**Task description**.
The task calls for every entry to be printed word for word, without the images.
========
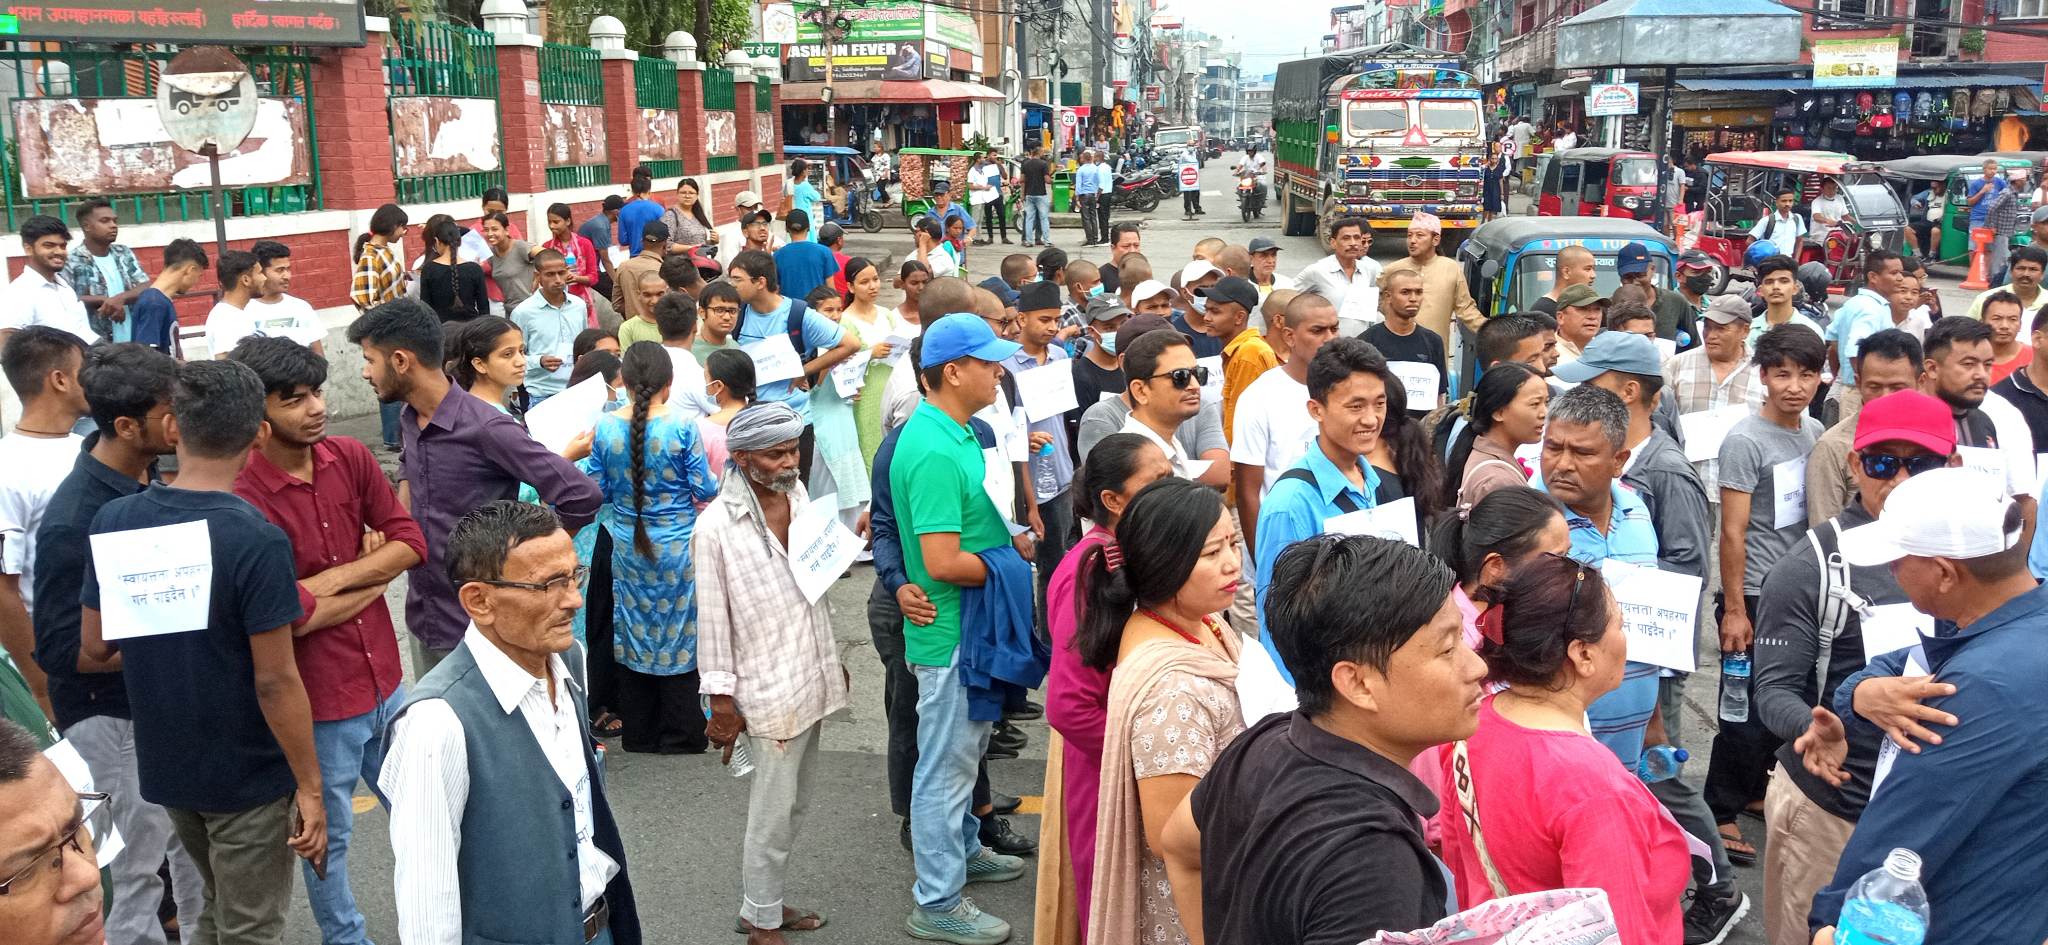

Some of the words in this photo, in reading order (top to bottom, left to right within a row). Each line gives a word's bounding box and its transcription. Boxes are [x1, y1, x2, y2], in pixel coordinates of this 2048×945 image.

[851, 42, 897, 57] FEVER
[1064, 115, 1075, 123] 20
[1657, 607, 1688, 624] अपहरण
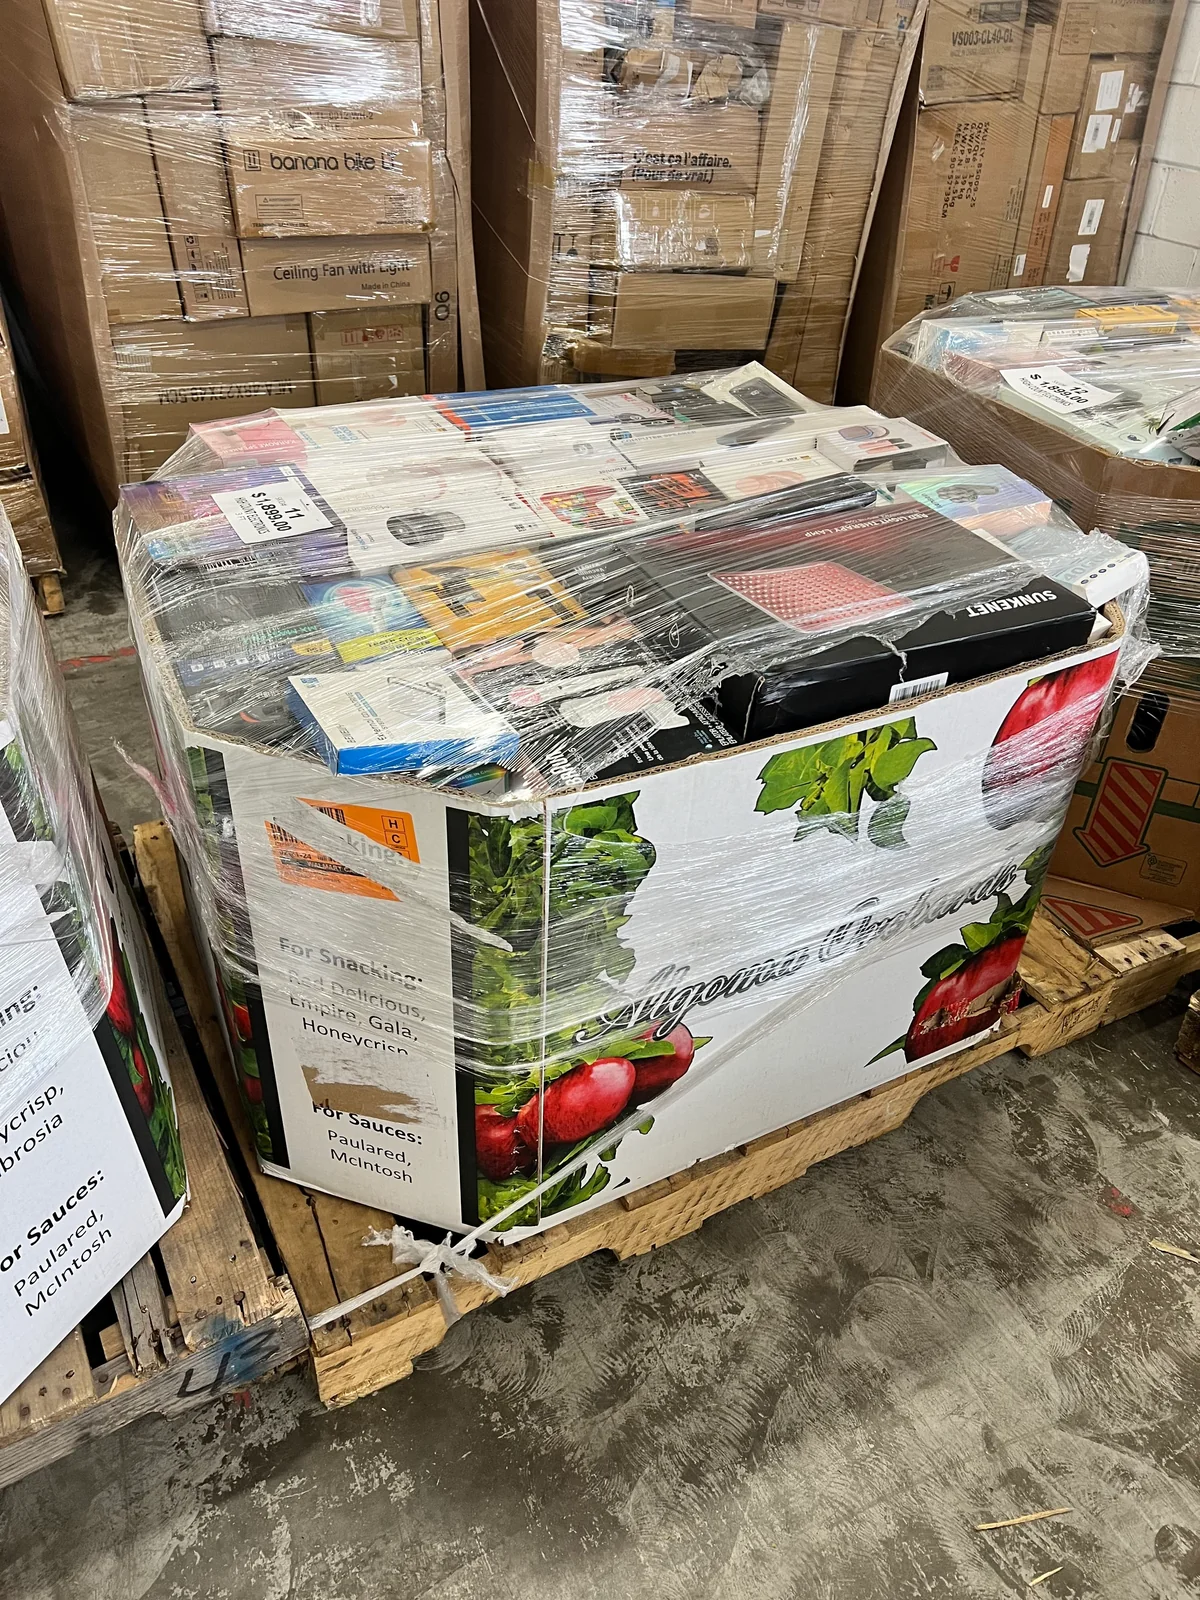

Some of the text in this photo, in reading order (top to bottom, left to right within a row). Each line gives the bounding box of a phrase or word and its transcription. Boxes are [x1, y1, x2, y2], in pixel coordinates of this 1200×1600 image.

[270, 153, 339, 170] banana
[344, 152, 376, 171] bike
[684, 152, 732, 169] l'affaire.
[684, 169, 714, 184] vrai.)
[273, 265, 319, 282] Ceiling
[323, 264, 345, 277] Fan
[349, 261, 375, 275] with
[1039, 381, 1089, 404] 1,899.00
[255, 498, 292, 532] 1,899.00
[285, 507, 305, 519] 11
[835, 520, 879, 533] THERAPY
[880, 515, 908, 524] LIGHT
[805, 528, 833, 538] LAMP
[966, 590, 1058, 618] SUNKENET
[708, 727, 729, 746] EPILATOR
[546, 750, 583, 787] BRAUN
[389, 819, 398, 829] H
[391, 834, 401, 844] C
[278, 936, 424, 991] For Snacking:
[572, 863, 1017, 1045] Algoma Orchards
[288, 969, 426, 1022] Red Delicious,
[289, 993, 418, 1042] Empire, Gala,
[0, 1086, 64, 1143] ycrisp,
[312, 1102, 423, 1145] For Sauces:
[0, 1114, 63, 1176] brosia
[327, 1129, 412, 1166] Paulared,
[330, 1148, 413, 1184] McIntosh
[26, 1169, 105, 1246] Sauces:
[0, 1246, 22, 1272] or
[14, 1211, 105, 1297] Paulared,
[25, 1229, 112, 1317] McIntosh
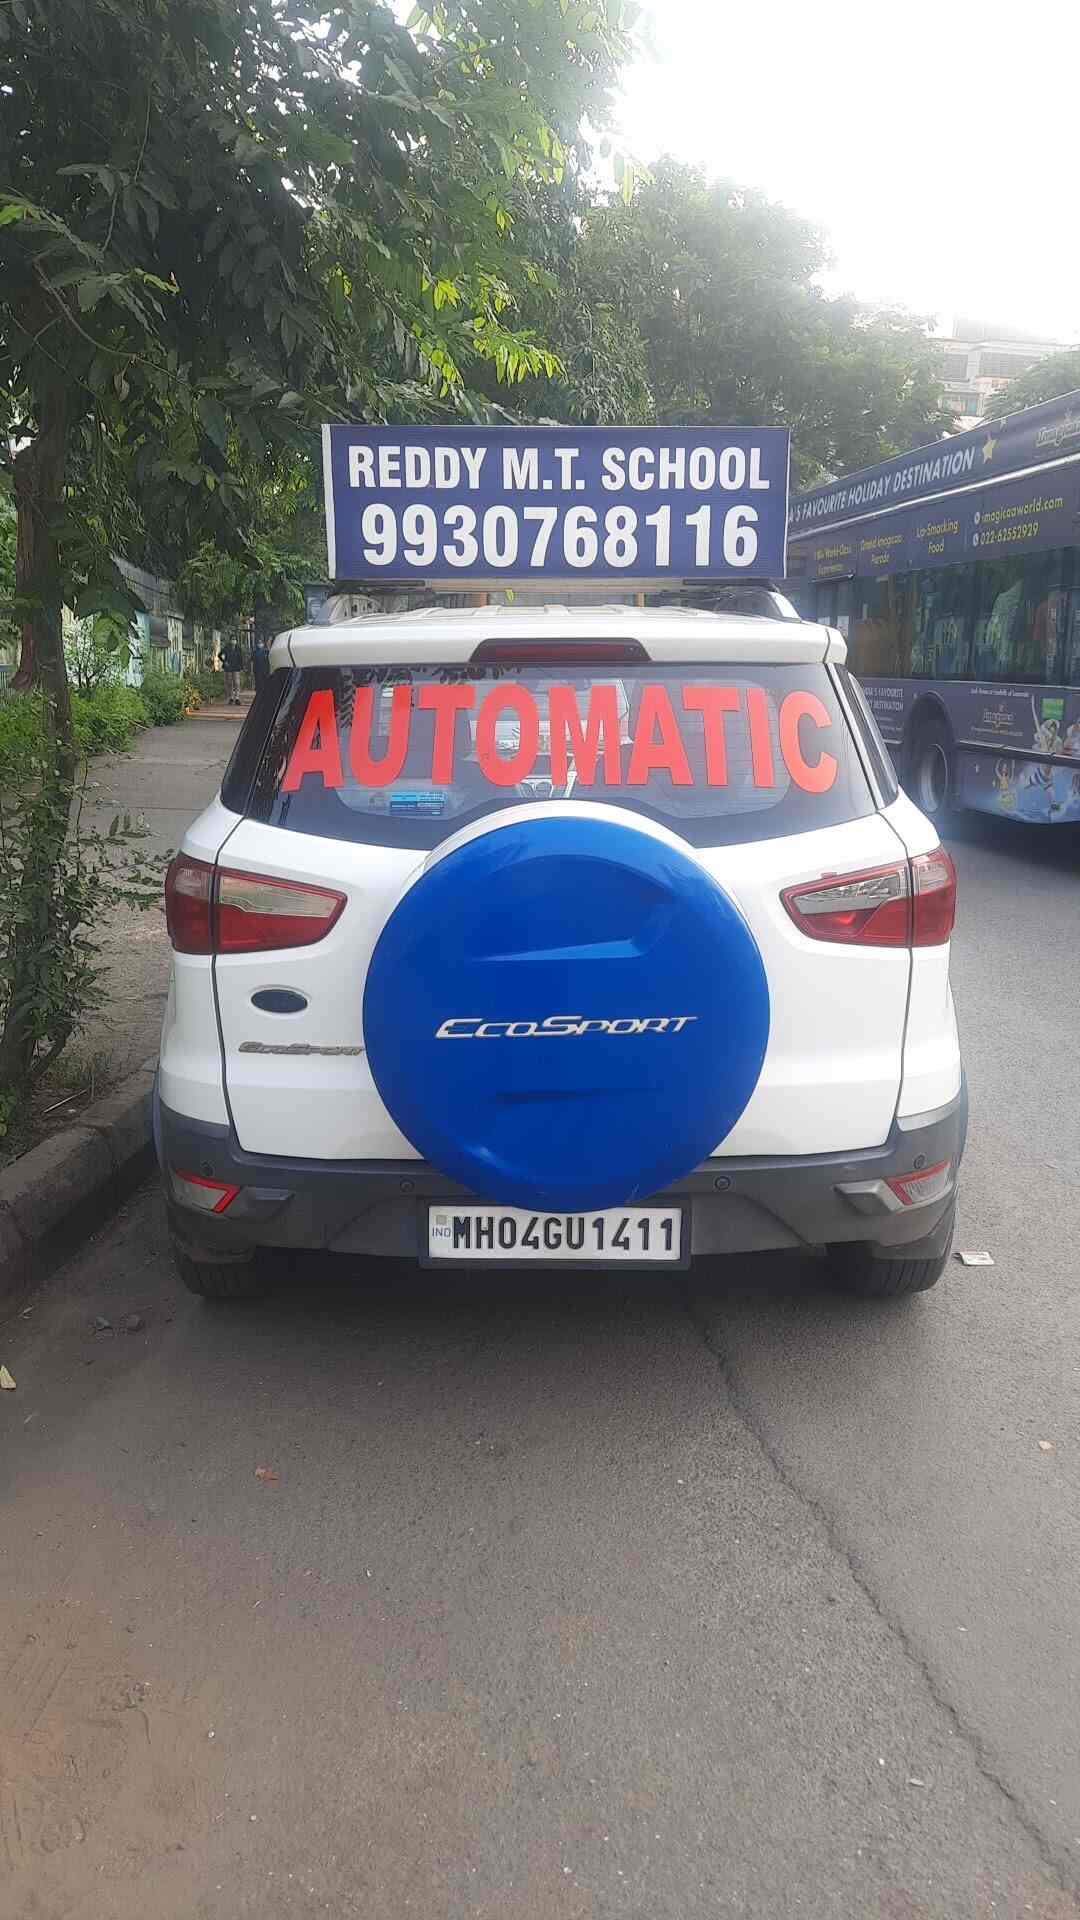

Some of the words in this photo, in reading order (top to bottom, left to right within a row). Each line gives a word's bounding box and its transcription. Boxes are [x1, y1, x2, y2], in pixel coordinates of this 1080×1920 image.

[348, 445, 487, 489] REDDY
[502, 446, 585, 490] M.T.
[601, 446, 770, 490] SCHOOL
[802, 490, 848, 519] FAVOURITE
[848, 472, 893, 507] HOLIDAY
[893, 446, 976, 493] DESTINATION
[981, 496, 1064, 525] imagicaaworld.com
[361, 503, 760, 568] 9930768116
[928, 539, 945, 554] Food
[281, 685, 839, 794] AUTOMATIC
[432, 1227, 451, 1238] IND
[453, 1215, 673, 1250] MH04GU1411
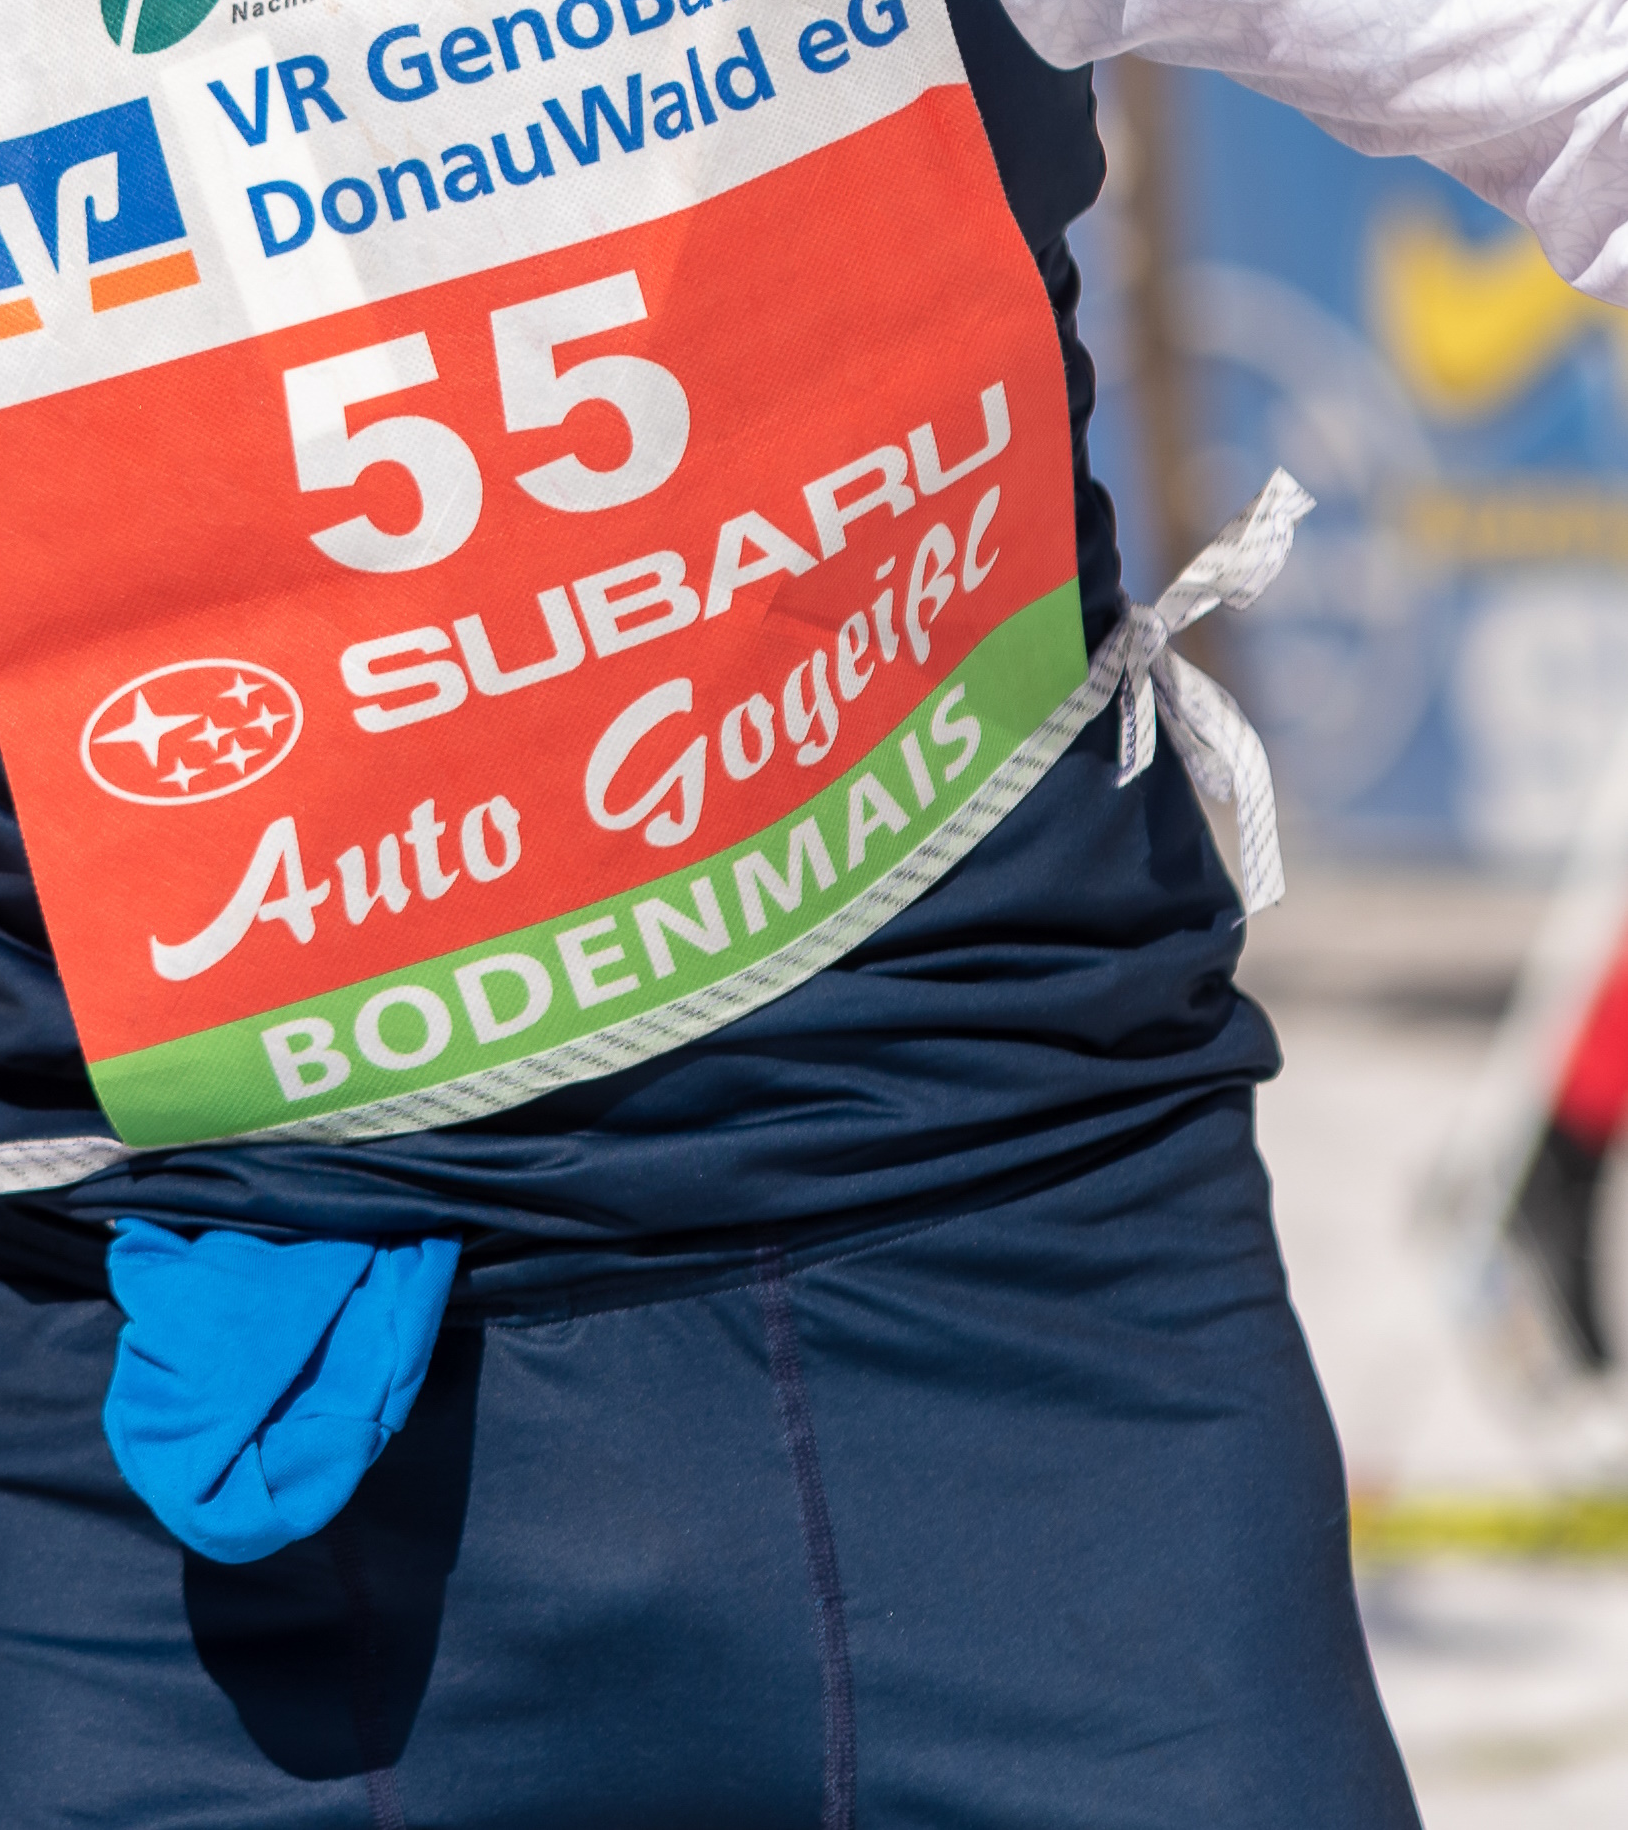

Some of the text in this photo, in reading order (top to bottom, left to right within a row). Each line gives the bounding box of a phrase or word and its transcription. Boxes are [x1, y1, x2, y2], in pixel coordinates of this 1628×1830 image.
========
**Problem solution**.
Some of the words in this photo, in reading order (top to bottom, left to right within a row). Each line gives a word's bounding box and its transcription. Boxes are [x1, y1, x2, y2], in pixel coordinates of this 2048×945 image.

[851, 42, 897, 57] FEVER
[1064, 115, 1075, 123] 20
[1657, 607, 1688, 624] अपहरण

Some of the text in this photo, in reading order (top to bottom, left to right within a row). Each line gives the bounding box of a phrase or word and its transcription. Boxes are [x1, y1, x2, y2], in pixel coordinates of this 1200×1600 image.

[270, 153, 339, 170] banana
[344, 152, 376, 171] bike
[684, 152, 732, 169] l'affaire.
[684, 169, 714, 184] vrai.)
[273, 265, 319, 282] Ceiling
[323, 264, 345, 277] Fan
[349, 261, 375, 275] with
[1039, 381, 1089, 404] 1,899.00
[255, 498, 292, 532] 1,899.00
[285, 507, 305, 519] 11
[835, 520, 879, 533] THERAPY
[880, 515, 908, 524] LIGHT
[805, 528, 833, 538] LAMP
[966, 590, 1058, 618] SUNKENET
[708, 727, 729, 746] EPILATOR
[546, 750, 583, 787] BRAUN
[389, 819, 398, 829] H
[391, 834, 401, 844] C
[278, 936, 424, 991] For Snacking:
[572, 863, 1017, 1045] Algoma Orchards
[288, 969, 426, 1022] Red Delicious,
[289, 993, 418, 1042] Empire, Gala,
[0, 1086, 64, 1143] ycrisp,
[312, 1102, 423, 1145] For Sauces:
[0, 1114, 63, 1176] brosia
[327, 1129, 412, 1166] Paulared,
[330, 1148, 413, 1184] McIntosh
[26, 1169, 105, 1246] Sauces:
[0, 1246, 22, 1272] or
[14, 1211, 105, 1297] Paulared,
[25, 1229, 112, 1317] McIntosh

Some of the words in this photo, in reading order (top to bottom, left to right within a row). Each line gives a word's bounding box and its transcription. Boxes are [x1, y1, x2, y2], in pixel coordinates of this 1080×1920 image.

[348, 445, 487, 489] REDDY
[502, 446, 585, 490] M.T.
[601, 446, 770, 490] SCHOOL
[802, 490, 848, 519] FAVOURITE
[848, 472, 893, 507] HOLIDAY
[893, 446, 976, 493] DESTINATION
[981, 496, 1064, 525] imagicaaworld.com
[361, 503, 760, 568] 9930768116
[928, 539, 945, 554] Food
[281, 685, 839, 794] AUTOMATIC
[432, 1227, 451, 1238] IND
[453, 1215, 673, 1250] MH04GU1411

Some of the text in this photo, in reading order (top to bottom, left to right within a row). Each line gives the bounding box of a phrase or word and its transcription. Boxes are [x1, y1, x2, y2], in pixel coordinates of this 1628×1830 image.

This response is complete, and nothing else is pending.